Is Paradise under the feet of evil mothers??

If you were to ask me whether I had a happy and normal childhood, I would tell you yes. I believed I did until I went for therapy.

My earliest memories are not wanting to be around my mother. We lived in an apartment and every time my dad would leave for work, I remember wanting to go to work with him and crying when he left. I had severe anxiety around my mother for reasons I do not recall. All I recall is a cold and distant woman who caused me anxiety.

I remember the school bus what would come to pick me up. It was scary! There was overcrowding sitting with kids I did not know and I had severe separation anxiety. When the bus would come, I would run to hide behind my mother.

She beat me up! I was hiding behind her begging to not put me on the bus because I was scared of being alone and she took a toy gun (water rifle) held it from the barrel and beat me severely with the butt. I recall explosions on my butt as I was being taken to the bus by the maid. My mom continued to follow me all the way to the door to hit my butt repeatedly till I was out of the house.

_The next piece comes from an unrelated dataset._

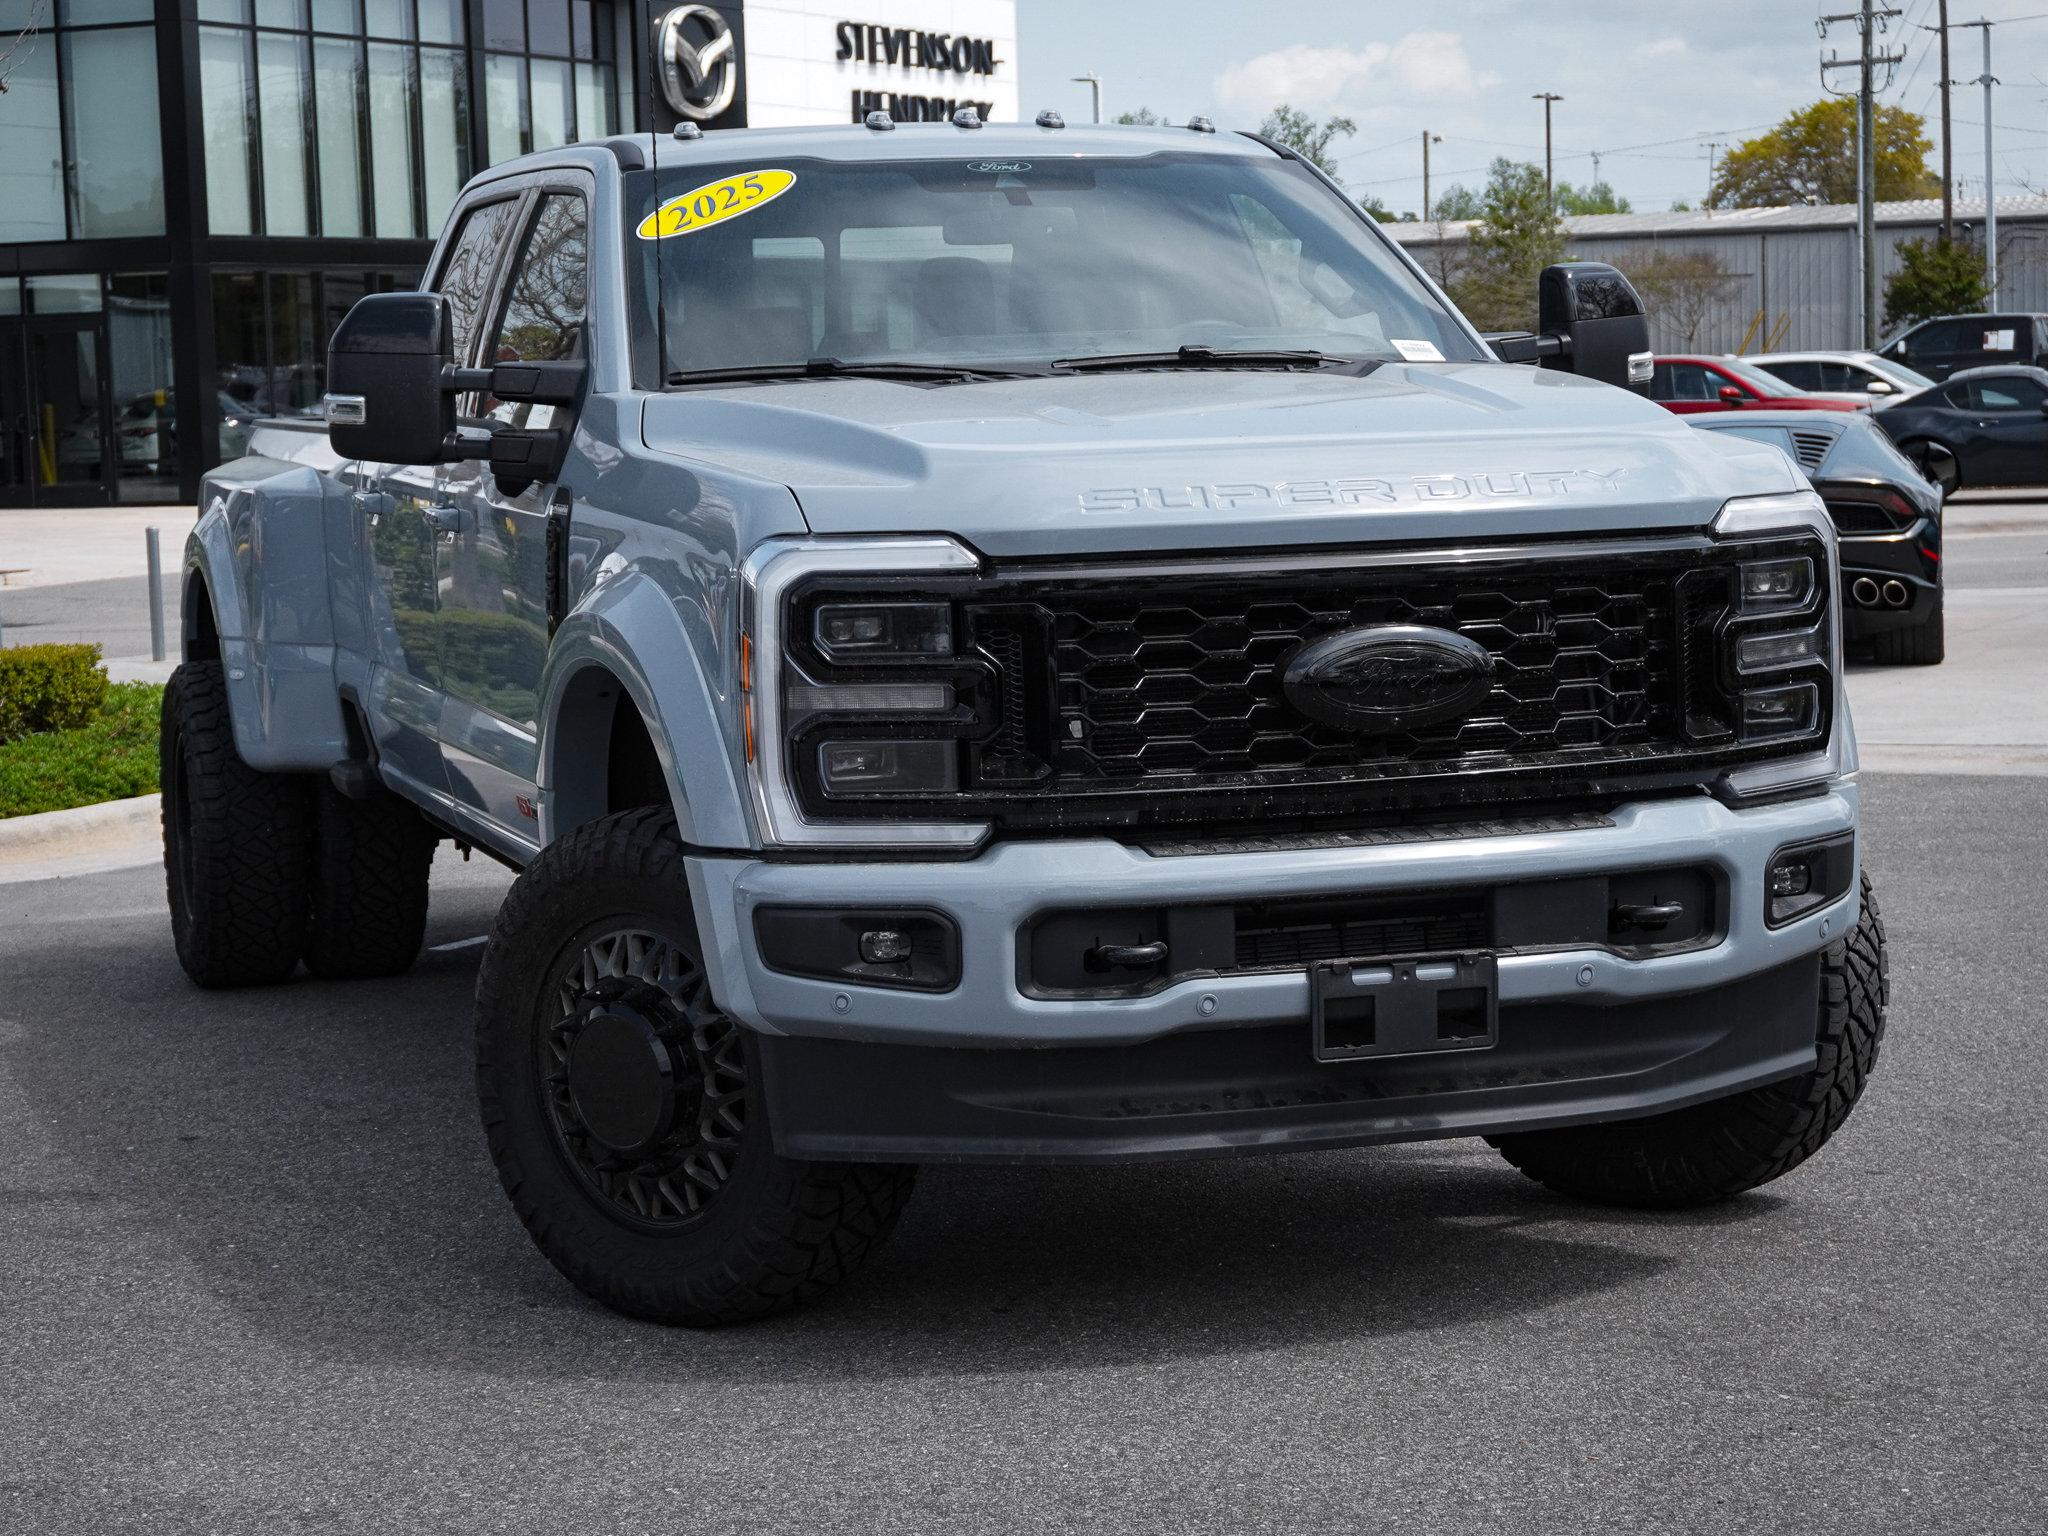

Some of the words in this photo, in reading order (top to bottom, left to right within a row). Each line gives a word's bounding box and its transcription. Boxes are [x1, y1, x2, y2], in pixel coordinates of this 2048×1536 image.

A few days later, I tried to bring it up over the dinner table explaining that I get anxiety in the bus. She said, "You said that again? Where is the rifle!" She said in a threatening voice and I said "No I did not say that!"

Then came grade 3! I once left the house without saying bye to my mother. I walked to the school which was in our neighborhood and all the kids were gathered in a playground where we would have the morning assembly and national anthem. A few minutes later I saw my mother walking with long determined strides like she was coming to sort me out.

She pulled me aside next to a pillar and scolded me in front of the whole school. I recall kids looking at me and it was humiliating. She told me to not have an attitude with her or she would sort me out. I had left without saying bye because she was not a pleasant woman to talk to. Here she was putting me in my place in front of the whole school watching.

When she saw me tearing up she walked away and I fell down near the pillar and cried in fetal position with all the kids gathering around trying to console me. I was too embarrassed to show my face. The word went around that his mother made him cry and left him on the floor.

The therapy I got at a later part of my life made me question why she was like that. The therapist asked, "Can you do all this to your child?" I told her no. I had to do some digging and found out the disturbing truth. Multiple family members confirmed what I write below.

Everyone in our social circle thought that my mother was a very pious woman. The truth was something else entirely. My mother could not experience sexual urges. She was a woman who never felt sex drive. She was also disinterested in motherhood. When I was born, she developed problems with her uterus giving birth to me. She blamed that on me and that, couples with a pre-existing repulsion towards motherhood caused her to not want to see or hold me when I was born. "Take him away! I do not want to see him!" she said when I came out.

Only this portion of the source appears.